What you need to do =
Please reproduce all the data exactly as written and omit the pictures.

Records contained in a dataset

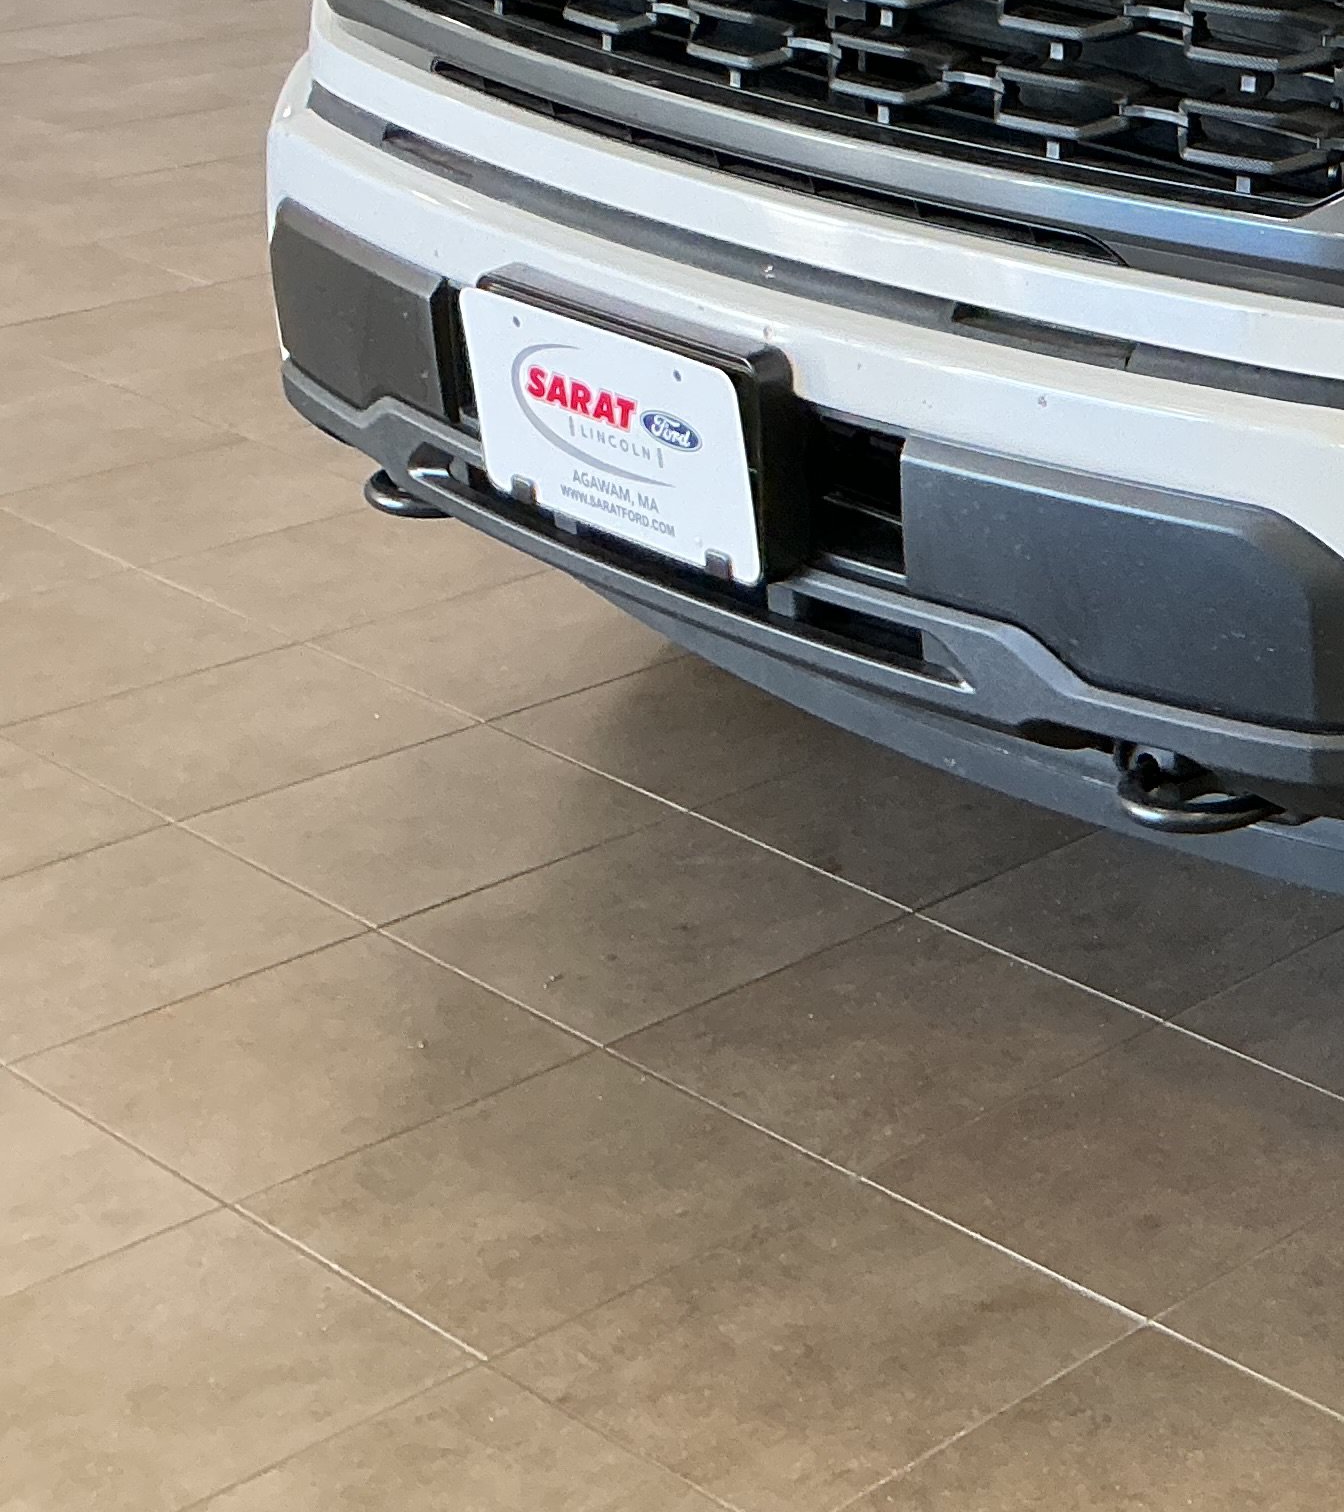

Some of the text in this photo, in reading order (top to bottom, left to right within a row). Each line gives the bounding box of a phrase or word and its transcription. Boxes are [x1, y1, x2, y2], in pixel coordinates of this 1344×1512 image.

[526, 365, 637, 431] SARAT
[580, 424, 652, 461] LINCOLN
[651, 413, 692, 448] Ford
[560, 483, 676, 537] WWW.SARATFORD.COM
[572, 469, 660, 514] AGAWAM, MA

Solution below =
Some of the text in this photo, in reading order (top to bottom, left to right within a row). Each line gives the bounding box of a phrase or word and its transcription. Boxes are [x1, y1, x2, y2], in pixel coordinates of this 1344×1512 image.

[526, 365, 637, 431] SARAT
[580, 424, 652, 461] LINCOLN
[651, 413, 692, 448] Ford
[560, 483, 676, 537] WWW.SARATFORD.COM
[572, 469, 660, 514] AGAWAM, MA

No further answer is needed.